Pour défendre sa cause le collectif s’est assuré du soutien de deux avocats qui connaissent parfaitement bien le droit des logiciels et des marchés publics, Jean-Baptiste Soufron et Bertrand Warusfel. Le premier fut secrétaire général du Conseil national du numérique (CNNum) jusqu’au début de l’année 2015, et membre du cabinet de Fleur Pellerin à l’économie numérique. Le second est docteur en Droit, grand spécialiste du droit de la propriété intellectuelle.
« Bien que cet accord soit qualifié de « partenariat », la nature des prestations proposées par Microsoft France au sein de celui-ci conduisent à penser qu’il aurait en réalité dû être qualifié de marché public, et qu’il aurait du être conclu à l’issue de la procédure normale relevant du Code des marchés publics », écrivent-ils dans un recours gracieux envoyé à la ministre de l’Éducation nationale Najat Vallaud-Belkacem, dont Numerama a pu prendre connaissance.
Ils expliquent au gouvernement que l’ensemble des prestations couvertes par l’accord, qu’il s’agisse de la fourniture de produits, de services ou de formations, correspondent à des activités qui sont aussi celles de nombreuses entreprises et associations. Dès lors elles « n’auraient pas du être attribuées autrement que par une procédure de mise en concurrence », affirment-ils.

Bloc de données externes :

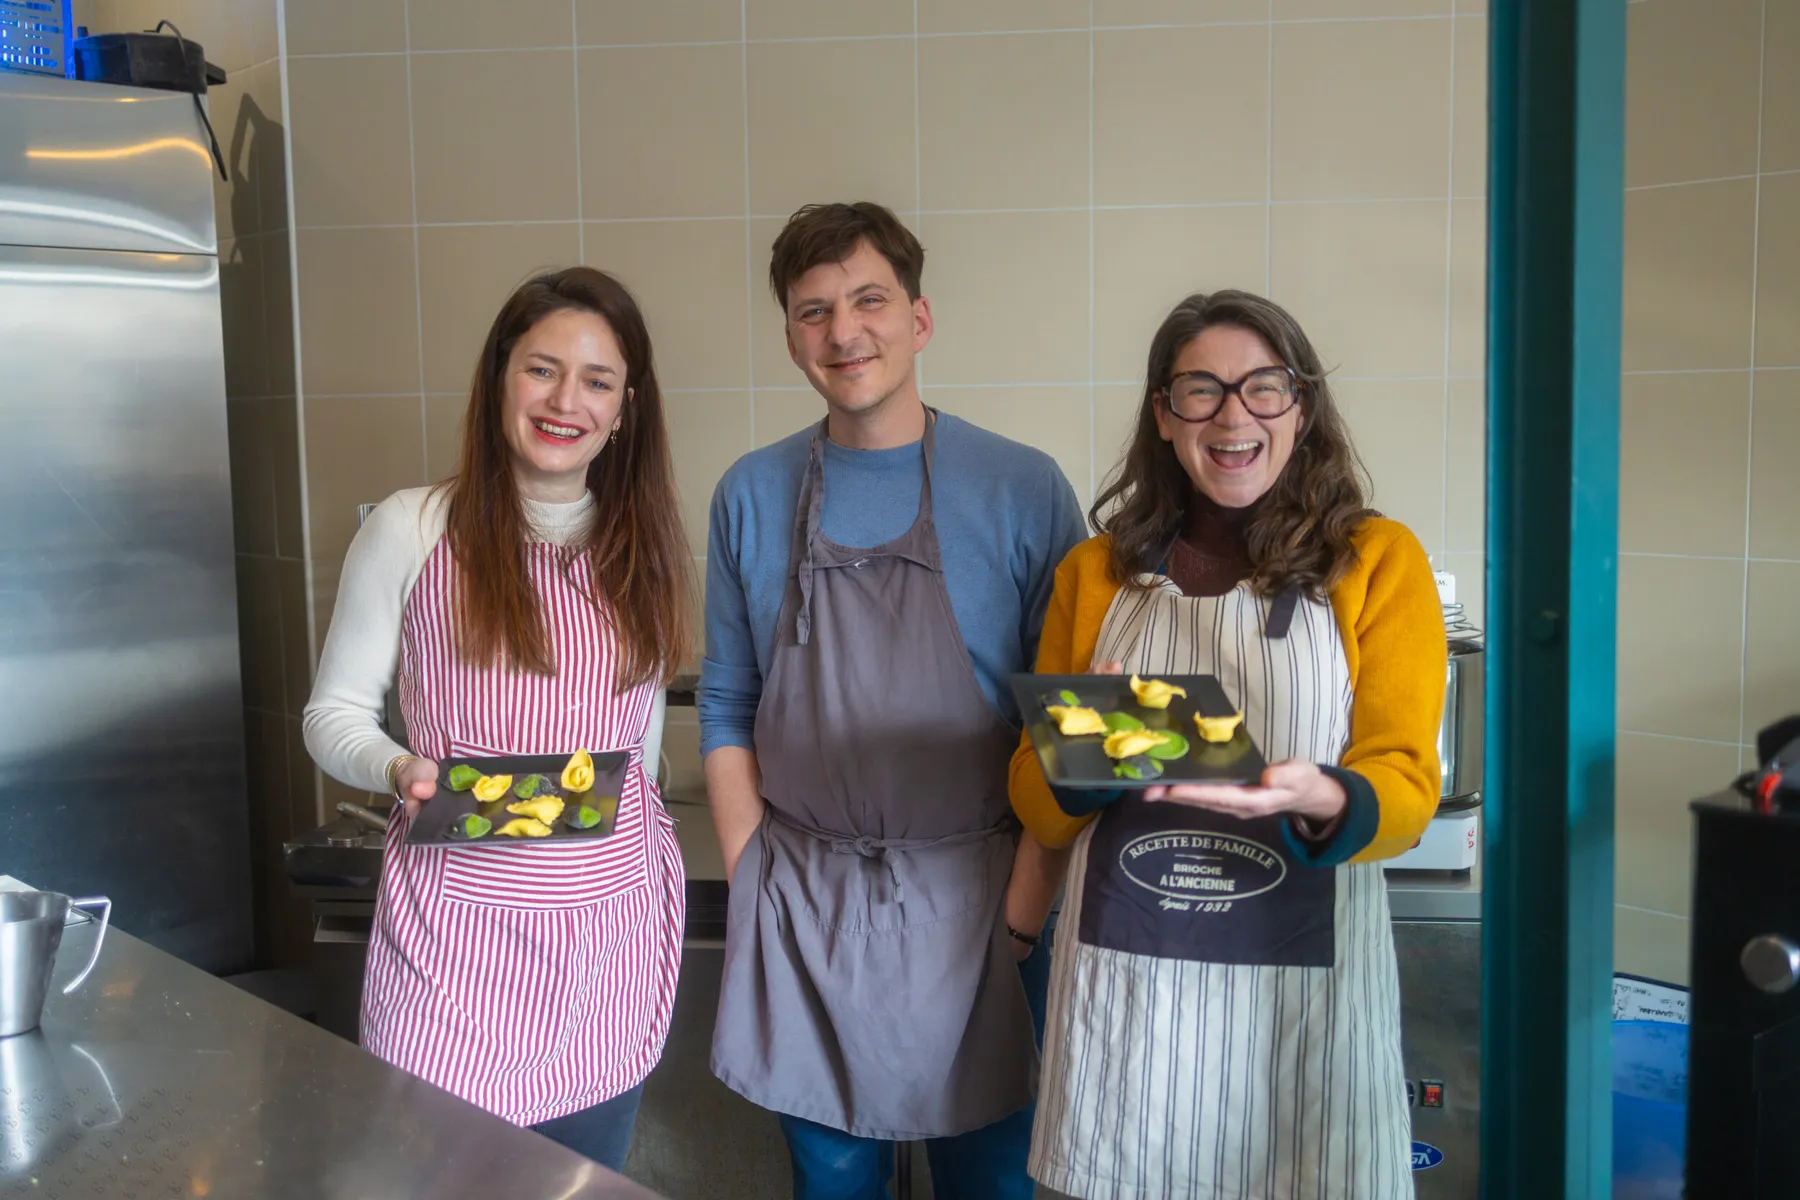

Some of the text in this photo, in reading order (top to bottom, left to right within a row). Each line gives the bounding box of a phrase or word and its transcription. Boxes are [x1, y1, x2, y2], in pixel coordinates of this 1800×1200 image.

[1128, 836, 1275, 869] RECETTE DE FAMILLE
[1173, 863, 1222, 875] BRIOCHE
[1159, 874, 1235, 892] A L'ANCIENNE

Entre autres, rappellent les deux avocats, « de nombreux entreprises et associations proposent des produits équivalents sans avoir eu l’occasion de formaliser d’offre autour de leurs propres solutions comme Scribus, GIMP, LibreOffice, InkScape, VLC, DarkTable, Linux Mint, etc. ».
Confronté à la colère des communautés du Libre, le ministère de l’Éducation nationale avait répliqué en décembre 2015 qu’il suffisait qu’elles fassent leurs propres propositions, si elles voulaient signer un accord similaire :
Mais le collectif EduNathon ne l’entend pas de cette oreille, et se veut même menaçant. « Pour mémoire, au-delà du risque d’annulation de la convention, le fait de s’abstenir de respecter la procédure de marchés publics pourrait être susceptible de constituer un délit de favoritisme », préviennent Me Soufron et Warusfel. Leurs clients demandent que le contrat soit annulé par le ministère. À défaut, ils déposeront une plainte, dans un premier temps auprès du tribunal administratif.

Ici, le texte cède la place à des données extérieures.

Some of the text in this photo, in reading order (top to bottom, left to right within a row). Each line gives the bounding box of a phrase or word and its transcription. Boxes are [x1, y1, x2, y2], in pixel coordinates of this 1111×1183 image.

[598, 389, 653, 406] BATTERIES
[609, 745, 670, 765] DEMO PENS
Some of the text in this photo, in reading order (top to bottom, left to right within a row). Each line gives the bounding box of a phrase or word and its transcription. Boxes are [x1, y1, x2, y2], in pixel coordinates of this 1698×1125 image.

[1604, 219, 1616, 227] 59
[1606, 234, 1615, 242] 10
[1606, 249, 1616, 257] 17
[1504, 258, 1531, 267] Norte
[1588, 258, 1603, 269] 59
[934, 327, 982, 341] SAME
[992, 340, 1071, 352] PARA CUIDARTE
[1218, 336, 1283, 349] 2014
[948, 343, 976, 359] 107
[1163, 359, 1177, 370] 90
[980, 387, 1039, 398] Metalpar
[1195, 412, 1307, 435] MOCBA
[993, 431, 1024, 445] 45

Dans un communiqué, les associations affirment que l’accord signé entre Microsoft et l’Éducation nationale aurait déjà produit des effets néfastes, puisque « de nombreuses directions d’achat du Ministère de l’Éducation revoient leurs catalogues pour privilégier désormais les produits Microsoft ».
La loi numérique et le logiciel libre
« En acceptant qu’un géant international du numérique fournisse gratuitement les mêmes services que ses compétiteurs locaux, en refusant de considérer qu’il s’agit de marchés ayant une valeur, le Ministère dévalorise d’un coup les années de travail de nombreux entrepreneurs et met en danger l’emploi de l’intégralité de ce secteur stratégique pour le futur », s’indignent les membres d’EduNathon.Adopté ce mois-ci par l’Assemblée nationale, le projet de loi numérique d’Axelle Lemaire comporte un article 9 ter ajouté par les députés qui dispose que « les services de l’État, administrations, établissements publics et entreprises du secteur public, les collectivités territoriales et leurs établissements publics encouragent l’utilisation des logiciels libres et des formats ouverts lors du développement, de l’achat ou de l’utilisation d’un système informatique ». Les éditeurs de logiciels propriétaires sont toutefois vent debout contre cet amendement, qui pourrait sauter lors de la lecture au Sénat au mois d’avril, ou être retoqué par le Conseil constitutionnel.